# Is Fine Structure and Spin-Orbit Coupling Observed at all Energy Levels of Hydrogen, or just One

I have been trying to figure out how to gather some intuition regarding the origin of spin. I thought a good place to start was the spectra of hydrogen, which was first interpreted as evidence of an "intrinsic angular momentum" or spin by means of fine structure. Now my question here is more experimental. How exactly does fine structure manifest itself in spectral data? From my understanding, it occurs twice within each energy level (only for hydrogen and alkali metals).

However, the examples I have seen thus far on websites (hyperphysics) only mentions the 2P transition.

Can anyone enlighten me on the details, is doublet splitting observed for all spectral lines of hydrogen, or just red line. Thanks.

In hydrogen, every level with $$l > 0$$ is split into two. For example, what would be simply $$2p$$ without spin becomes the two levels $$2P_{3/2}$$ and $$2P_{1/2}$$ as in your diagram. The $$2s$$ state is not split because when $$l=0$$ there is only one value for the total angular momentum: it is then $$j=1/2$$ and the notation is $$S_{1/2}$$.

Here are two more examples:

$$3p$$ gives $$3P_{3/2}$$ and $$3P_{1/2}$$

$$3d$$ gives $$3D_{5/2}$$ and $$3D_{3/2}$$

When the atom changes state in a transition, in principle all the changes can happen, but some of them are very much more likely than others. The most likely ones involve the electric dipole moment of the atom, and for these transitions $$l$$ has to change by either $$+1$$ or $$-1$$, and $$j$$ may change only by $$0$$ or $$+1$$ or $$-1$$. As a result, although there are 4 possible transitions from $$3d$$ to $$3p$$ only three of them are seen in the emission spectrum (the transition from $$j=5/2$$ to $$j=1/2$$ being not possible by electric dipole radiation), and the transition from $$3d$$ to $$1s$$ is very weak so not normally considered.

The result of all this is that the transitions from $$P$$ to $$S$$ states appear as doublets, and the transitions from $$D$$ to $$P$$ states appear as triplets. However, when the splitting of the doublet or triplet is small, it may be too small to be resolved by a given instrument.

• Very interesting, I did not consider that. On a somewhat unrelated note, how long have instruments been able to detect these triplet splittings in hydrogen, and what specific methods of spectroscopy were utilized if you know.
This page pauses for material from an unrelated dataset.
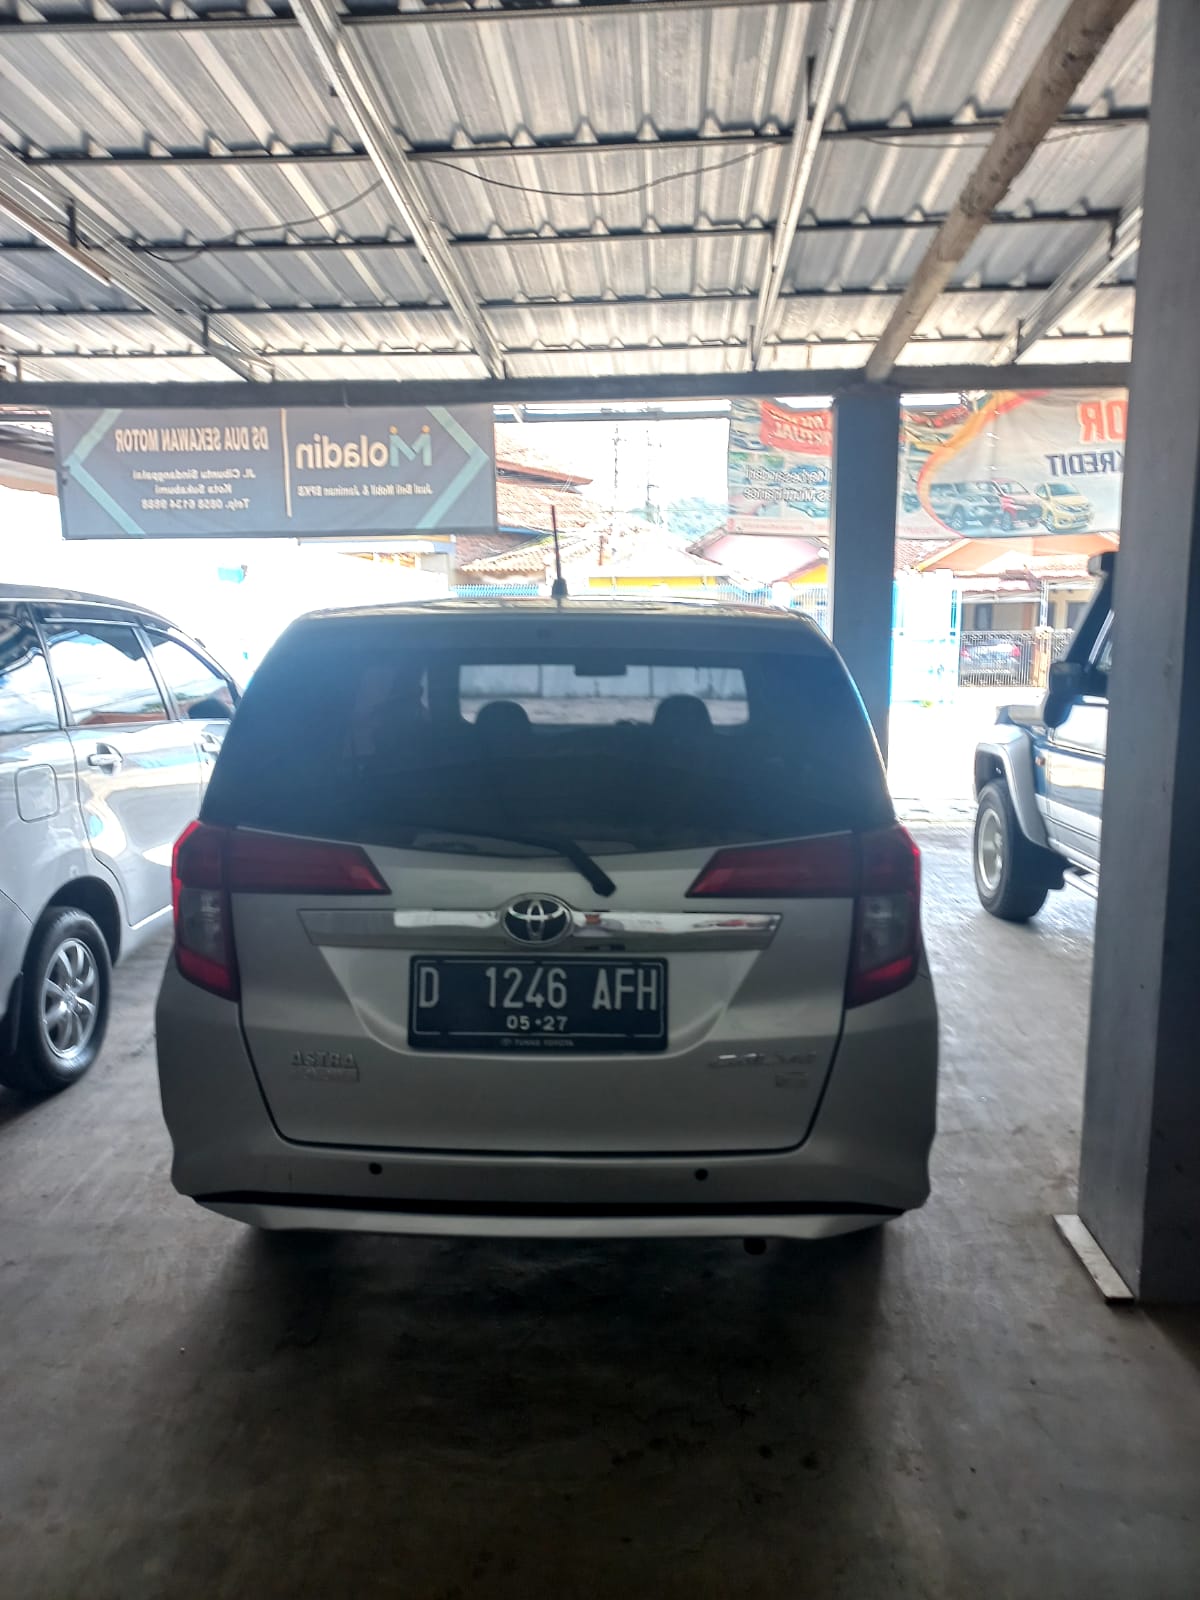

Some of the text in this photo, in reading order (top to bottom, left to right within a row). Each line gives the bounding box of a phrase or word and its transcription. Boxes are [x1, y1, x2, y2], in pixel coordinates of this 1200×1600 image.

[418, 966, 658, 1012] D 1246 AFH
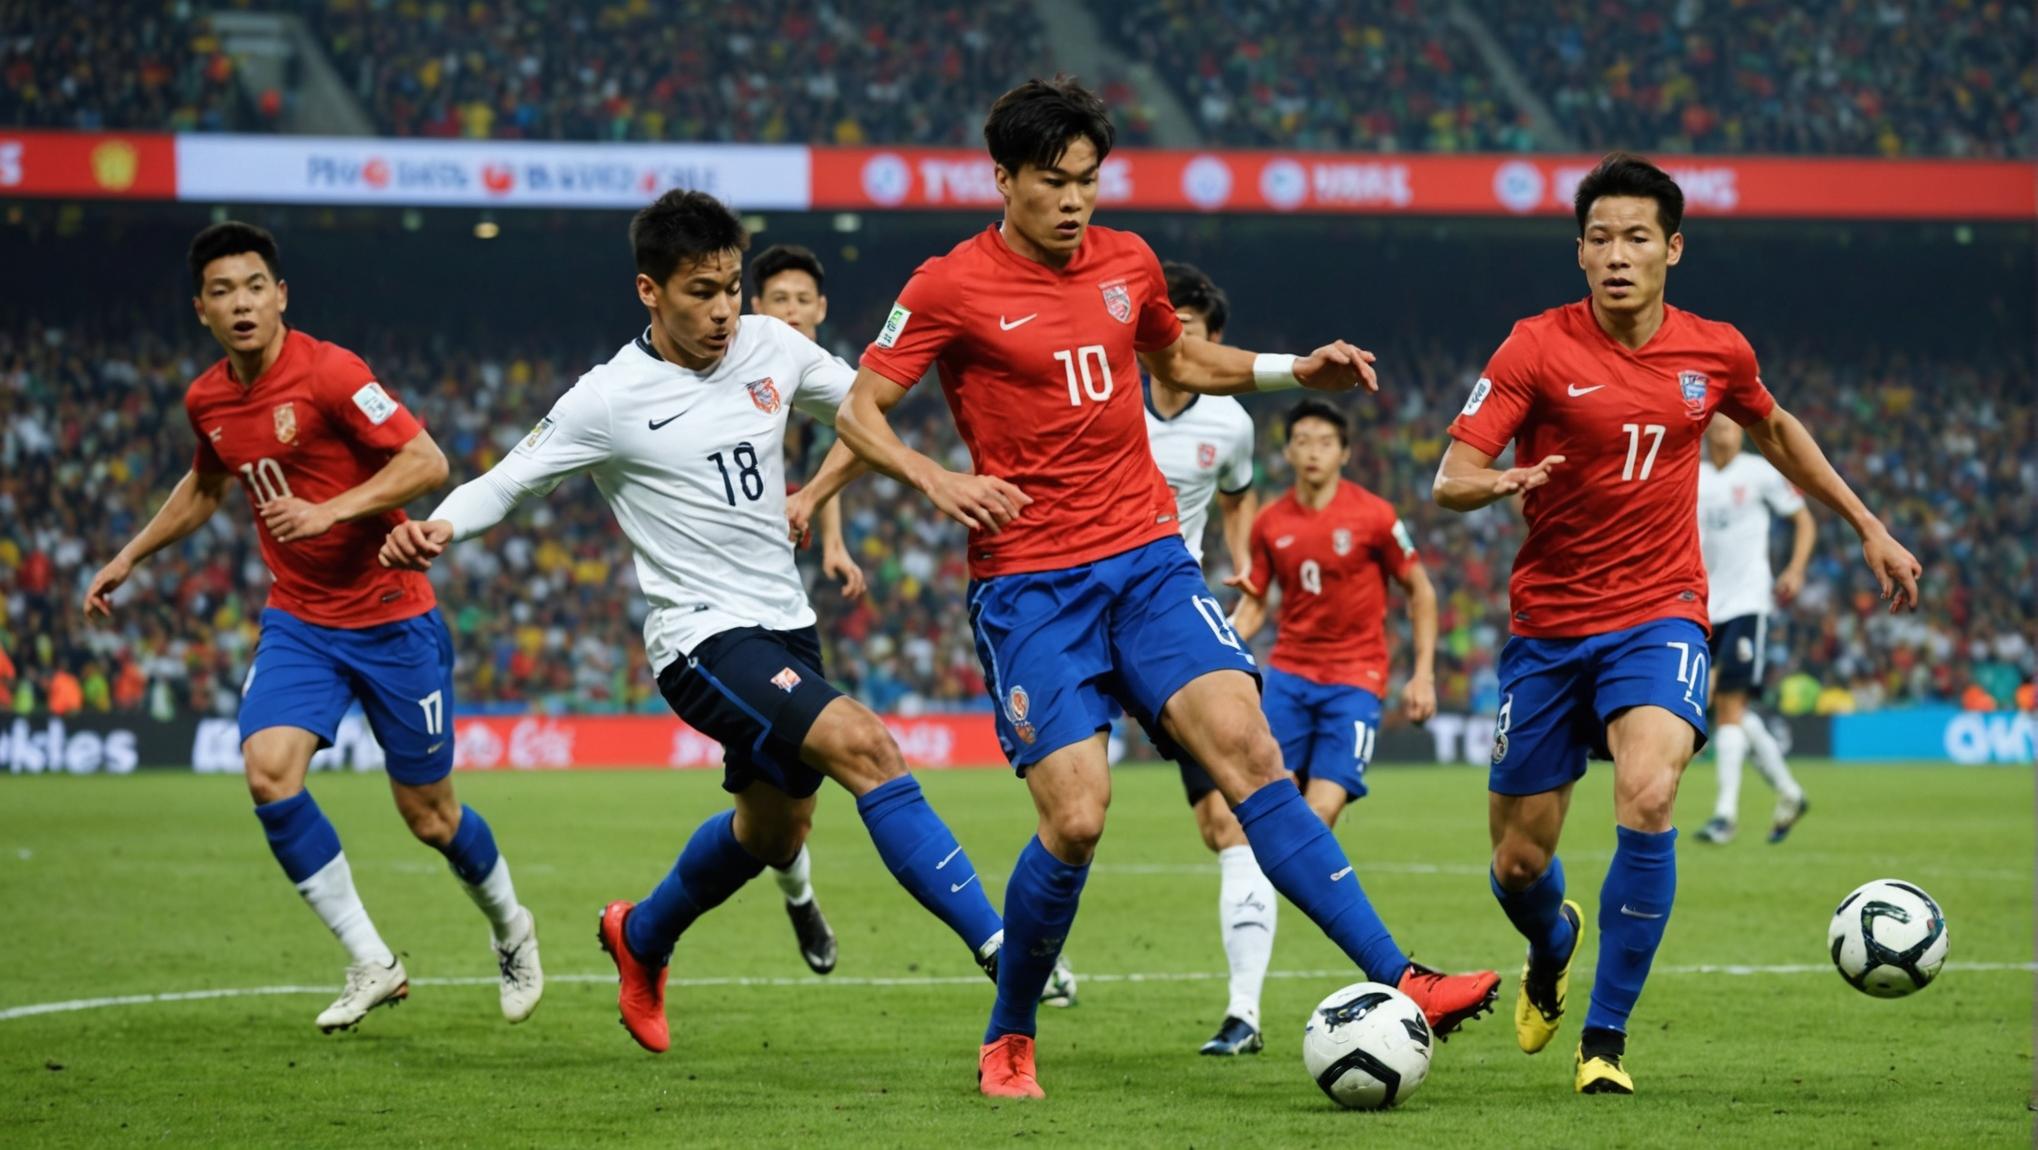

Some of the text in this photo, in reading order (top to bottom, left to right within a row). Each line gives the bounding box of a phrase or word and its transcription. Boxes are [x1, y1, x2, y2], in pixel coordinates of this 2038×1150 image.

Commented May 17, 2021 at 18:27
• @Lysenkoism The fine and hyperfines structure of the energy levels were already known in the 1920s-1930s (actually the sodium doublet was discovered even before, at the end of the XIX century). A nice old book about this is this one. It was written in the 1937, and so is interesting from an historical perspective (don't expect to find a description of modern spectroscopic methods). If you want to discover modern spectroscopic techniques, you can have a look at Wolfgang Demtröder, Laser spectroscopy Commented May 17, 2021 at 18:43
• Yeah that's what I was more interested in, laser spectroscopy. I'm just curious how the methods have changed since then. I'll take a look at the resource. Commented May 17, 2021 at 18:46

Fine structure arrises from relativistic corrections to the non-relativistic Coulomb hamiltonian of the atom. An absolutely fantastic introduction to what you need to understand atomic physics and laser spectroscopy is in MIT's open courseware, two series of lectures by Wolfgang Ketterle (https://www.youtube.com/playlist?list=PLUl4u3cNGP62FPGcyFJkzhqq9c5cHCK32).

There are 3 parts to fine structure:

1: The relativistic correction to the kinetic energy v. momentum relation.

2: The Darwin term, due to the smearing of the electron wave function near the nucleus.

3: Spin-Orbit Coupling.

The spin-orbit coupling hamiltonian is:

$$\hat H_{SO}= \frac 1 2 \big(\frac{Ze^2}{4\pi\epsilon_0}\big) \big(\frac g {2m_e^2c^2}\big)\frac{\vec L\cdot\vec S}{r^3}$$

Squaring $$\vec J = \vec L + \vec S$$ gives:

$$J^2 = L^2 + S^2 + 2\vec L\cdot S$$

which, for eigenstates of the unperturbed hamiltonian and $$s=\frac 1 2$$:

$$j(j+1) = l(l+1) +\frac 3 4 +2\vec L\cdot S$$

With that and:

$$\big{\langle}\frac 1 {r^3}\big{\rangle}=\frac{Z^3}{n^3a_0^3} \frac 1 {l(l+\frac 1 2)(l+1)}$$

you get:

$$\big{\langle}\hat H_{SO}\big{\rangle}=\frac{E_n^2}{m_ec^2} \times n\frac{j(j+1)-l(l+1)-\frac 3 4}{l(l+\frac 1 2)(l+1)}$$

which shows that it's not just $$l=1$$.